* _Saved entries_:
● ● ●

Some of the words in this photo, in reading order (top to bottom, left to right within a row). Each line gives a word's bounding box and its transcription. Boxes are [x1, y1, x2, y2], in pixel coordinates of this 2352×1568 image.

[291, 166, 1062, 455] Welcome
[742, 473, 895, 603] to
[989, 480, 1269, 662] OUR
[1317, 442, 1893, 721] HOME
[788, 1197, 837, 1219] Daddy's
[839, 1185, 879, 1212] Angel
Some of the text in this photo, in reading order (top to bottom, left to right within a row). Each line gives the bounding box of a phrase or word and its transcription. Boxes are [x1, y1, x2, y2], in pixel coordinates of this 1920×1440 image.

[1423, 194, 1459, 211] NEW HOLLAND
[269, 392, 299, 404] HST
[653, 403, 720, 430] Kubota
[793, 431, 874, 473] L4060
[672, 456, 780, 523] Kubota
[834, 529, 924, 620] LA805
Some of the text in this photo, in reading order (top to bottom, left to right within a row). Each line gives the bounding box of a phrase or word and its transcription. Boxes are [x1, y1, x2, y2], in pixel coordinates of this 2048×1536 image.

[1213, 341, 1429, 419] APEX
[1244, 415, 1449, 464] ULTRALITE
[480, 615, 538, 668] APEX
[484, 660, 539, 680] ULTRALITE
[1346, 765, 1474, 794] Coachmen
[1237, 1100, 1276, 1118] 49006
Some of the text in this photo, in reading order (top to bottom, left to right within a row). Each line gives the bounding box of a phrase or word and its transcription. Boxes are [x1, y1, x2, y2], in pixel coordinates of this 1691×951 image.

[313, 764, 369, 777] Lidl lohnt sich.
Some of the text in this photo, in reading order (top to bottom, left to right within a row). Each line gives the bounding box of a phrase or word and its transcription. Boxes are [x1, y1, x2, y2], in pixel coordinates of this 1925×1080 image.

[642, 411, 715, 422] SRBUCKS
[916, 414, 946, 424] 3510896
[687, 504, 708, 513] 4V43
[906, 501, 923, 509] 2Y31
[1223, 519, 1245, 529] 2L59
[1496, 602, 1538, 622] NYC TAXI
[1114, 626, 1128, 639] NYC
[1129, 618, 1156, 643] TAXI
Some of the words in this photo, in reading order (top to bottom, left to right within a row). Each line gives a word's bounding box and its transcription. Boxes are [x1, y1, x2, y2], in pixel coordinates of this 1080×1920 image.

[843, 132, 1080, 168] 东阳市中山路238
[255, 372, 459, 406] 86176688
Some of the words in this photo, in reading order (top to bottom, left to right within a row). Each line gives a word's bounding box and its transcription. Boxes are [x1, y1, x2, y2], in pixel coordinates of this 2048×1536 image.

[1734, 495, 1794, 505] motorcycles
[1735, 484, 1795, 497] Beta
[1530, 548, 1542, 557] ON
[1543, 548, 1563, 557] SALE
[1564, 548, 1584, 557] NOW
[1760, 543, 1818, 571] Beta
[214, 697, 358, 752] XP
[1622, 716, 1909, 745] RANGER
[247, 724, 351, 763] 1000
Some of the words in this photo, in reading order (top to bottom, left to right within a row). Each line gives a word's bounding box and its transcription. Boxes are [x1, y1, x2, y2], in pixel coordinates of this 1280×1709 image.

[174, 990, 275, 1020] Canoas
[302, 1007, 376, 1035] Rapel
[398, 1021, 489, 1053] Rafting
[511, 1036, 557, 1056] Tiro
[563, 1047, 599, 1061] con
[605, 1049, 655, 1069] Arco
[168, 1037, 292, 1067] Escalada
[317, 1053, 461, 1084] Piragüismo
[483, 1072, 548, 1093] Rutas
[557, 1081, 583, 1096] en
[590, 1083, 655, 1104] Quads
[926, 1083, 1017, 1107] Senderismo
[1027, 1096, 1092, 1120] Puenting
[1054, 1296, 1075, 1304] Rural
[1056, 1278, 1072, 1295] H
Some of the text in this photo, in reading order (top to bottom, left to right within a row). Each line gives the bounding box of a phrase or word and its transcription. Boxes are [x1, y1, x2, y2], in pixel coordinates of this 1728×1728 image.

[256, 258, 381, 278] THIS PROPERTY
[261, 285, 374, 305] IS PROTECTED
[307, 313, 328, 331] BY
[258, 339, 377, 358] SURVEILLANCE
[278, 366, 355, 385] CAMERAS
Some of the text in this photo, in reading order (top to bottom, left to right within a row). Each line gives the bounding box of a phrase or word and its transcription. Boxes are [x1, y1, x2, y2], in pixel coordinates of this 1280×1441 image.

● ● ●

* _TASK OBJECTIVE_: Nothing but an exact transcription of the records is expected.

* _FINISHED TASK_:
Some of the words in this photo, in reading order (top to bottom, left to right within a row). Each line gives a word's bounding box and its transcription. Boxes are [x1, y1, x2, y2], in pixel coordinates of this 2352×1568 image.

[291, 166, 1062, 455] Welcome
[742, 473, 895, 603] to
[989, 480, 1269, 662] OUR
[1317, 442, 1893, 721] HOME
[788, 1197, 837, 1219] Daddy's
[839, 1185, 879, 1212] Angel
Some of the text in this photo, in reading order (top to bottom, left to right within a row). Each line gives the bounding box of a phrase or word and its transcription. Boxes are [x1, y1, x2, y2], in pixel coordinates of this 1920×1440 image.

[1423, 194, 1459, 211] NEW HOLLAND
[269, 392, 299, 404] HST
[653, 403, 720, 430] Kubota
[793, 431, 874, 473] L4060
[672, 456, 780, 523] Kubota
[834, 529, 924, 620] LA805
Some of the text in this photo, in reading order (top to bottom, left to right within a row). Each line gives the bounding box of a phrase or word and its transcription. Boxes are [x1, y1, x2, y2], in pixel coordinates of this 2048×1536 image.

[1213, 341, 1429, 419] APEX
[1244, 415, 1449, 464] ULTRALITE
[480, 615, 538, 668] APEX
[484, 660, 539, 680] ULTRALITE
[1346, 765, 1474, 794] Coachmen
[1237, 1100, 1276, 1118] 49006
Some of the text in this photo, in reading order (top to bottom, left to right within a row). Each line gives the bounding box of a phrase or word and its transcription. Boxes are [x1, y1, x2, y2], in pixel coordinates of this 1691×951 image.

[313, 764, 369, 777] Lidl lohnt sich.
Some of the text in this photo, in reading order (top to bottom, left to right within a row). Each line gives the bounding box of a phrase or word and its transcription. Boxes are [x1, y1, x2, y2], in pixel coordinates of this 1925×1080 image.

[642, 411, 715, 422] SRBUCKS
[916, 414, 946, 424] 3510896
[687, 504, 708, 513] 4V43
[906, 501, 923, 509] 2Y31
[1223, 519, 1245, 529] 2L59
[1496, 602, 1538, 622] NYC TAXI
[1114, 626, 1128, 639] NYC
[1129, 618, 1156, 643] TAXI
Some of the words in this photo, in reading order (top to bottom, left to right within a row). Each line gives a word's bounding box and its transcription. Boxes are [x1, y1, x2, y2], in pixel coordinates of this 1080×1920 image.

[843, 132, 1080, 168] 东阳市中山路238
[255, 372, 459, 406] 86176688
Some of the words in this photo, in reading order (top to bottom, left to right within a row). Each line gives a word's bounding box and its transcription. Boxes are [x1, y1, x2, y2], in pixel coordinates of this 2048×1536 image.

[1734, 495, 1794, 505] motorcycles
[1735, 484, 1795, 497] Beta
[1530, 548, 1542, 557] ON
[1543, 548, 1563, 557] SALE
[1564, 548, 1584, 557] NOW
[1760, 543, 1818, 571] Beta
[214, 697, 358, 752] XP
[1622, 716, 1909, 745] RANGER
[247, 724, 351, 763] 1000
Some of the words in this photo, in reading order (top to bottom, left to right within a row). Each line gives a word's bounding box and its transcription. Boxes are [x1, y1, x2, y2], in pixel coordinates of this 1280×1709 image.

[174, 990, 275, 1020] Canoas
[302, 1007, 376, 1035] Rapel
[398, 1021, 489, 1053] Rafting
[511, 1036, 557, 1056] Tiro
[563, 1047, 599, 1061] con
[605, 1049, 655, 1069] Arco
[168, 1037, 292, 1067] Escalada
[317, 1053, 461, 1084] Piragüismo
[483, 1072, 548, 1093] Rutas
[557, 1081, 583, 1096] en
[590, 1083, 655, 1104] Quads
[926, 1083, 1017, 1107] Senderismo
[1027, 1096, 1092, 1120] Puenting
[1054, 1296, 1075, 1304] Rural
[1056, 1278, 1072, 1295] H
Some of the text in this photo, in reading order (top to bottom, left to right within a row). Each line gives the bounding box of a phrase or word and its transcription. Boxes are [x1, y1, x2, y2], in pixel coordinates of this 1728×1728 image.

[256, 258, 381, 278] THIS PROPERTY
[261, 285, 374, 305] IS PROTECTED
[307, 313, 328, 331] BY
[258, 339, 377, 358] SURVEILLANCE
[278, 366, 355, 385] CAMERAS
Some of the text in this photo, in reading order (top to bottom, left to right within a row). Each line gives the bounding box of a phrase or word and its transcription. Boxes are [x1, y1, x2, y2], in pixel coordinates of this 1280×1441 image.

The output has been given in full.